Background: Although central line-associated bloodstream infection (CLABSI) rates are publicly reported, whether these data correlate to clinical documentation or practice is not known. Using data from a large hospital collaborative, we hypothesized that physician documentation and blood culture rates among patients with peripherally inserted central catheters (PICCs) would be associated with standardized infection ratios (SIRs).

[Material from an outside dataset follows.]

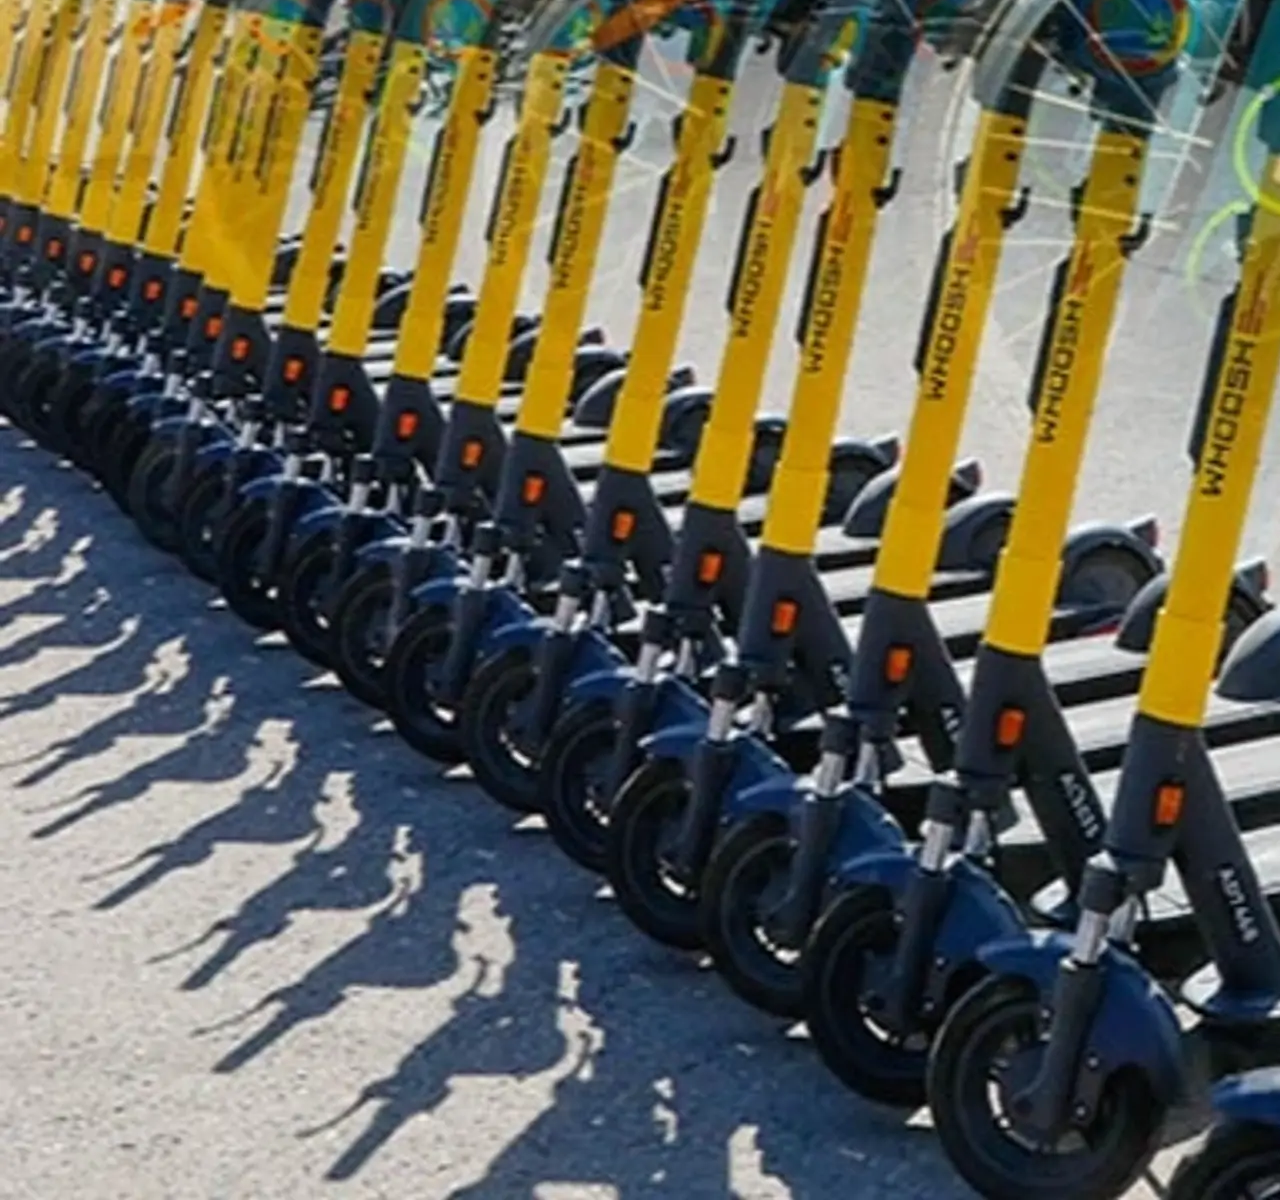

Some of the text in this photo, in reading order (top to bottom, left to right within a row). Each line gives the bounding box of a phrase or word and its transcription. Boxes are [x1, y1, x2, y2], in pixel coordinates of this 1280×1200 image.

[804, 244, 848, 375] WHOOSH
[923, 267, 970, 401] WHOOSH
[1035, 299, 1086, 444] WHOOSH
[1201, 340, 1257, 496] WHOOSH

Methods: Data from the Michigan Hospital Medicine Safety (HMS) Consortium, a 47-member Blue Cross Blue Shield-of Michigan funded collaborative, was used for this analysis. Trained abstractors reviewed patient medical records for the following: NHSN-defined CLABSI events (modified to exclude determination of “infection at another site”); physician documentation of CLABSI; an order for PICC removal for confirmed or suspected infection; documentation of “line sepsis,” or “line bacteremia,” and numbers of blood culture ordered. Event rates at each hospital were summarized as the number of events per 1000 catheter days. SIR data for each hospital was obtained through the National Healthcare Safety Network (NHSN) database with hospitals stratified by SIR rates (<1 or >1). Association between documentation, blood culture rates, hospital factors (e.g., bed size) and SIR were assessed.

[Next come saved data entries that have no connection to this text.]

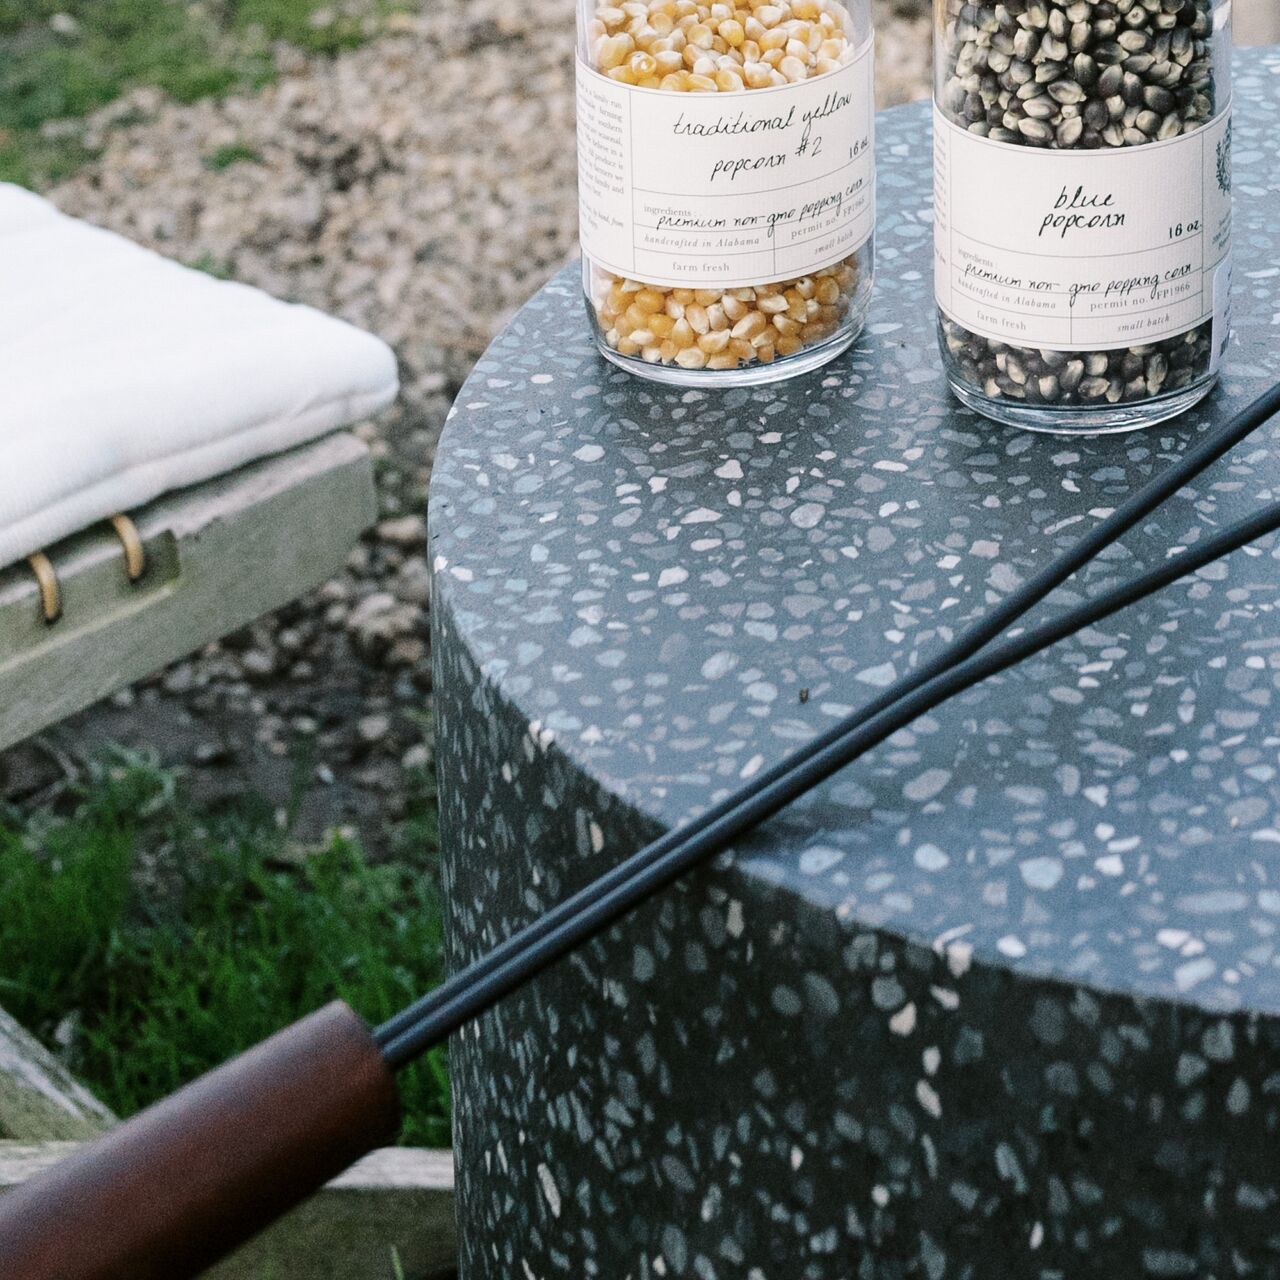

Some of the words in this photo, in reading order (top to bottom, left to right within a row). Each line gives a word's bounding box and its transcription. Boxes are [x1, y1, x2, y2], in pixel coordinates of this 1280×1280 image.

[673, 105, 795, 136] traditional
[801, 91, 851, 143] yellow
[849, 140, 859, 159] 16
[711, 153, 786, 181] popcorn
[1053, 185, 1115, 210] blue
[643, 203, 692, 217] ingredients
[656, 215, 726, 230] premium
[799, 191, 843, 223] popping
[791, 222, 822, 240] permit
[1038, 213, 1125, 238] popcorn
[1169, 223, 1183, 239] 16
[643, 234, 698, 248] handcrafted
[702, 238, 712, 247] in
[715, 237, 760, 247] Alabama
[672, 261, 698, 272] farm
[702, 262, 730, 272] fresh
[964, 263, 1022, 288] premium
[1104, 274, 1159, 300] popping
[1164, 263, 1191, 281] corn
[957, 277, 999, 300] handcrafted
[1001, 294, 1010, 303] in
[1013, 296, 1056, 309] Alabama
[1090, 299, 1127, 312] permit
[976, 310, 998, 325] farm
[1001, 317, 1026, 330] fresh
[1117, 320, 1143, 332] small
[1147, 313, 1169, 325] batch

Results: Data from 31 of 47 HMS hospitals (66%) was available and included in the analysis. Substantial variation in numbers of blood culture performed (median=16.19 [IQR=10.84-19.01]) NHSN-defined CLABSI events (median=0.37 [IQR=0.09-0.63]) physician documentation of CLABSI (median=0.09 [IQR=0.00-0.14]), PICC removal for suspected or confirmed CLABSI (median=0.87 [IQR=0.35-1.23]) and documentation of line sepsis or bacteremia (median=0.34 [IQR=0.10-0.70]) was noted across hospitals (Table 1). No association between any individual category and hospital SIR was noted. Similarly, when analysis was stratified by SIR, no associations between practices and documentation were observed (p>0.05 for all measures). The number of blood cultures ordered was not significantly associated with SIR. Hospital factors such as bed-size, for-profit or academic status and length of patient stay were also not significantly associated with SIR (Table 2).
Conclusions: In this analysis of hospitalized patients with PICCs, publicly-reported rates of infection do not correlate with physician documentation, blood culture orders or key hospital characteristics. Future studies to better understand drivers of this discrepancy appear necessary.